REQUIREMENT:
Reproduce the lines below exactly. Skip images.
[[ DATA LISTING open ]]
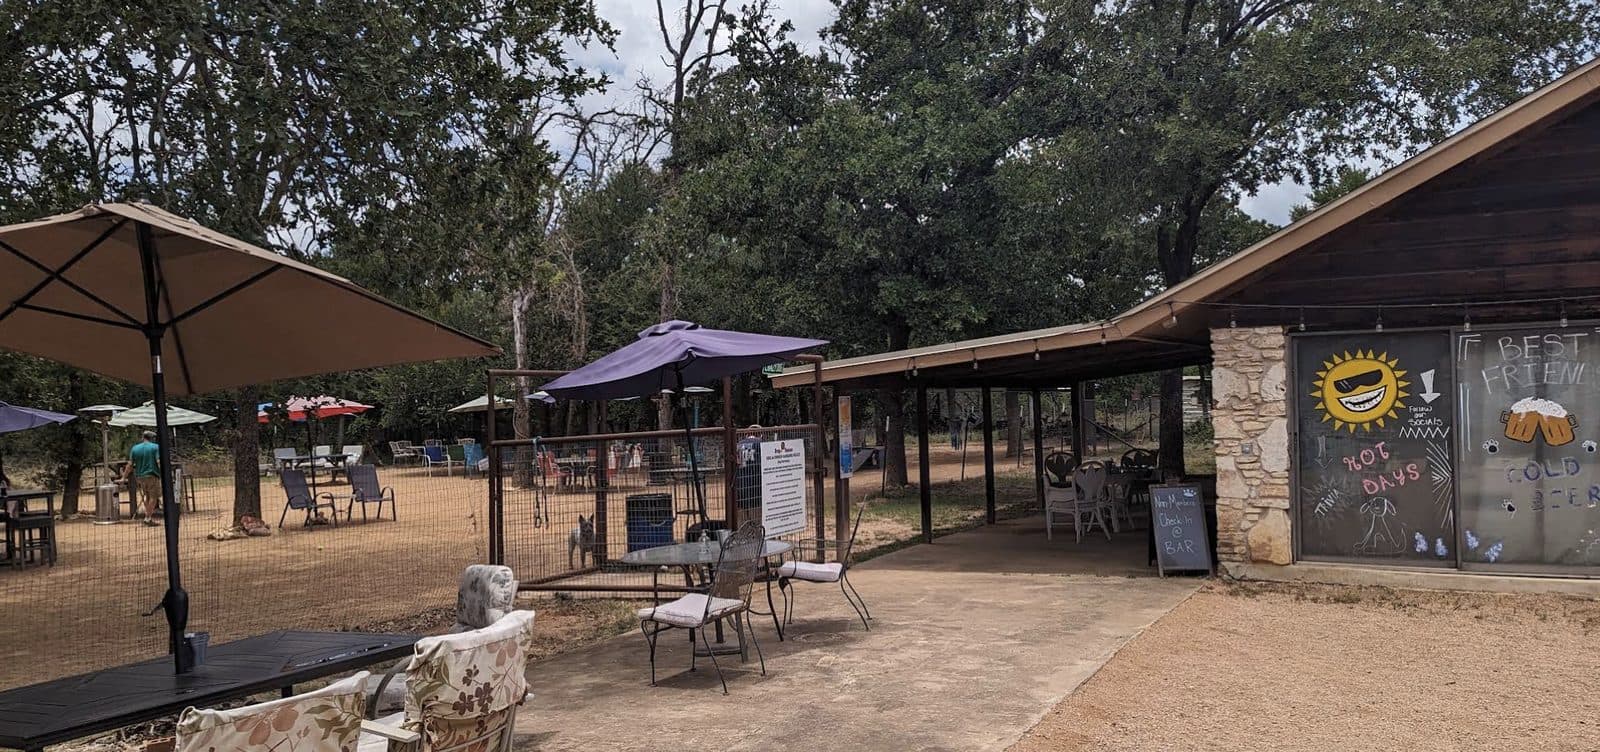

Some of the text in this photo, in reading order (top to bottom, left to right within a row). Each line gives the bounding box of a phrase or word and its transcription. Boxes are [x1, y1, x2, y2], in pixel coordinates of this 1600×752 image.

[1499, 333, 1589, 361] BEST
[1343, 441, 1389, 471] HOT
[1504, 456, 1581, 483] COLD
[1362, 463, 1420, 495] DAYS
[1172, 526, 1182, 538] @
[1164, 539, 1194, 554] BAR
[[ DATA LISTING closed ]]
EXERCISE SOLUTION:
Some of the text in this photo, in reading order (top to bottom, left to right within a row). Each line gives the bounding box of a phrase or word and its transcription. Boxes are [x1, y1, x2, y2], in pixel coordinates of this 1600×752 image.

[1499, 333, 1589, 361] BEST
[1343, 441, 1389, 471] HOT
[1504, 456, 1581, 483] COLD
[1362, 463, 1420, 495] DAYS
[1172, 526, 1182, 538] @
[1164, 539, 1194, 554] BAR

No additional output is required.